Il matrimonio e i misteri del passato: tra amore e ombre del cuore
Storie d’altri tempi

Di Francesco Cesare Strangio
Al loro arrivo a casa della promessa sposa, sulla porta d’ingresso trovarono ad attenderli il fratello minore; era vestito di tutto punto, cosa che non lasciò dubbi sull’identità di chi aveva fatto la scelta dell’abbigliamento.
Nel bel mezzo del salone c’era Gladuela con un vestito celeste che s’intonava con l’azzurro dei suoi occhi: la sua bellezza era tale d’apparire, agli occhi di Marco, come il fiore più bello del giardino della creazione.
Quindici minuti dopo l’arrivo di Marco e degli altri suoi invitati, il rumore dei motori di alcune auto attirò l’attenzione dei padroni di casa. Dalle auto iniziò a uscire il resto degli invitati, tra cui Rocco con la moglie.
Quella sera Rocco, ritrovatosi con i vecchi amici, alzò il gomito e raccontò, ai presenti, la storia dell’usciere. La curiosità stimolò gli animi dei presenti, che pretesero di sapere com’era andata tutta la vicenda. Quella sera emersero dei particolari inediti, tra cui il ricatto psicologico, esercitato da mastro Filippo, nei confronti dei due coniugi comunisti. La dovizia di particolari con cui Rocco rese edotti i presenti, svelò l’arcano della marcia indietro del compagno usciere.
Gladuela, per la felicità, non stava nella pelle. I fratelli della donna si comportarono in modo composto, mentre donna Angelina, come sempre, tenne banco.

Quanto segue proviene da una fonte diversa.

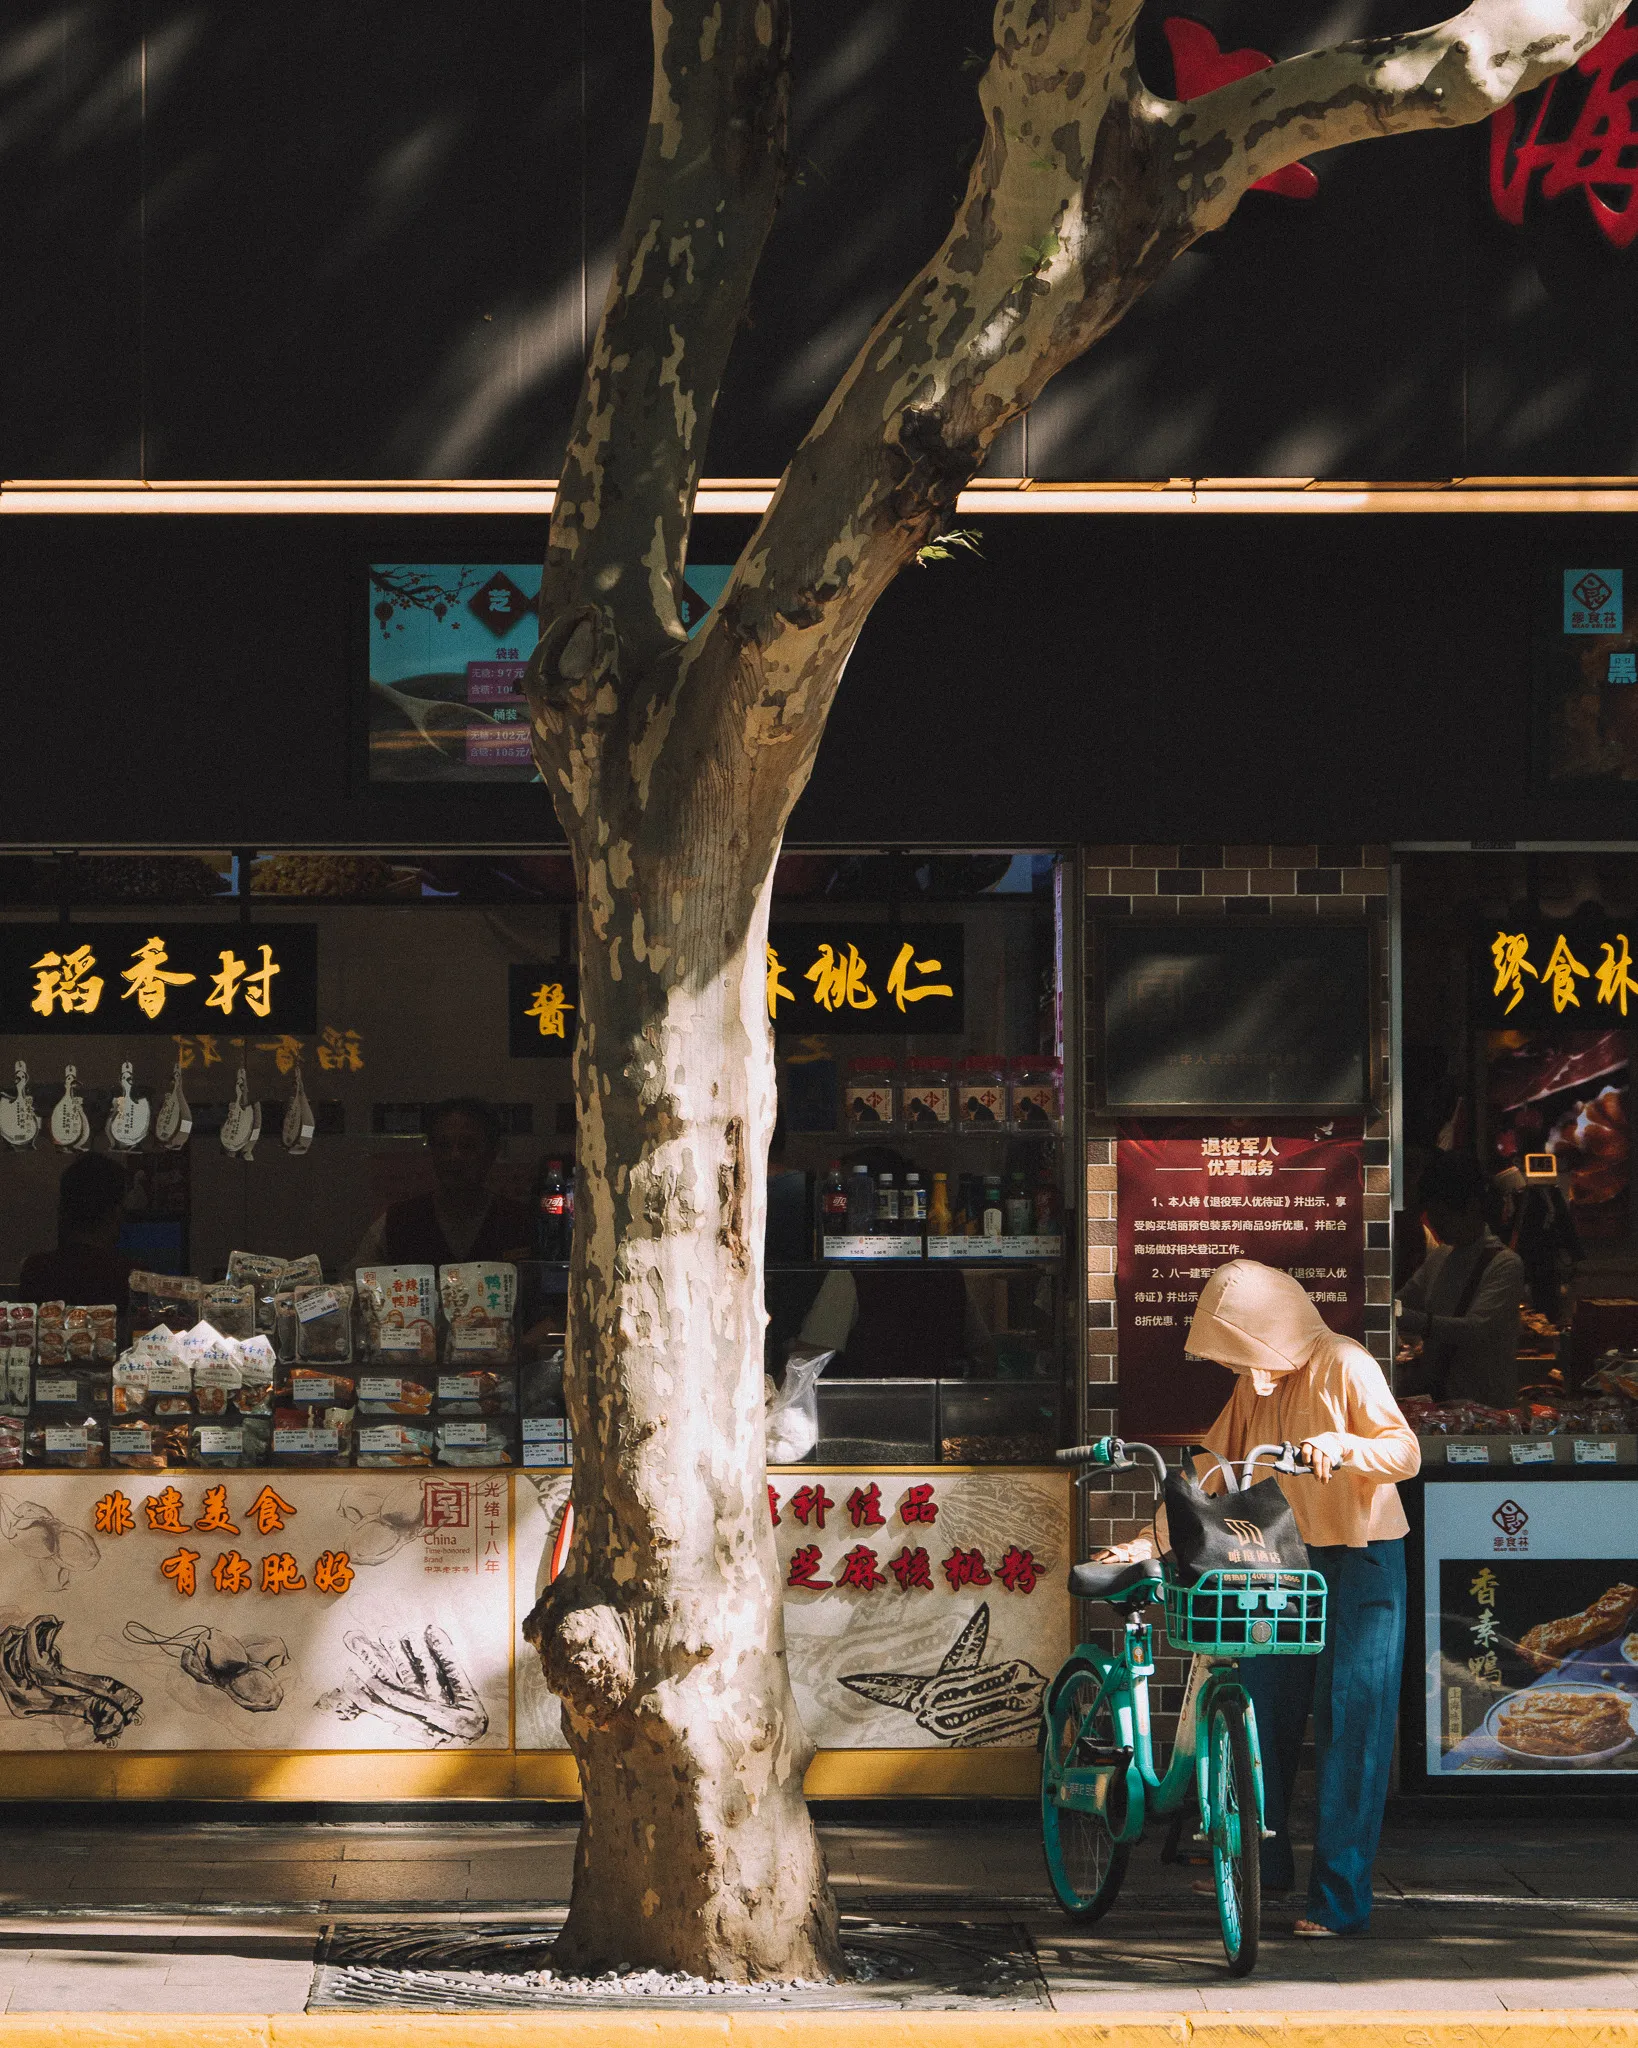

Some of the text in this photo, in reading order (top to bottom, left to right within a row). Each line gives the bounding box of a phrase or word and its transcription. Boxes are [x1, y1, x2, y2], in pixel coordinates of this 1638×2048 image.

La serata andò meravigliosamente bene, donna Angelina si comportò da perfetta matriarca; finiti i convenevoli, donna Angelina prese commiato e uscì seguita da tutti gli invitati di Marco.
Saliti in macchina, avviarono i motori e partirono in direzione delle rispettive case.
Sull’uscio di casa c’era Gladuela con i fratelli, rimasero lì fino a quando l’ultima auto non andò via.
Dopo che i fratelli rientrarono in casa, Gladuela rimase lì ferma con lo sguardo assorto nella direzione in cui andò via la macchina con bordo il futuro sposo.
Poco dopo rientrò in casa e prese a sistemare il disordine creato dalla festa.
Alle prime luci del giorno, Marco fu svegliato dal rumore di una finestra che sbatacchiava al piano di sotto. Refoli di vento agitavano la chioma degli alberi, mentre il trombettiere dell’alba era impegnato ad annunciare il sorgere del sole.
Marco scrutò il cielo in cerca di segni premonitori: niente, il cielo era perfettamente terso come non lo vedeva da qualche tempo. Alla vista il suo animo si rasserenò, il creato diede ai suoi occhi il meglio di sé, anche se non si giustificavano quei refoli di vento.
Marco riguardò il cielo per sincerarsene, ancora una volta, che non ci fosse uno stormo di corvi che roteasse sopra la sua casa. Un tal evento, per una questione di retaggio culturale, lo avrebbe interpretato come un cattivo presagio per il suo matrimonio.
Un’ora dopo, quando il disco del sole aveva superato di molto la linea dell’orizzonte, vide arrivare la macchina di donna Angelina alla cui guida c’era Cosimo; era arrivata l’ora di presentarsi alla casa Comunale per adempiere la burocrazia della prima promessa.
Dopo i saluti, Marco salì in macchina e partirono per recarsi alla Casa Comunale.
Mentre l’auto percorreva la strada, il promesso sposo guardava scorrere il paesaggio.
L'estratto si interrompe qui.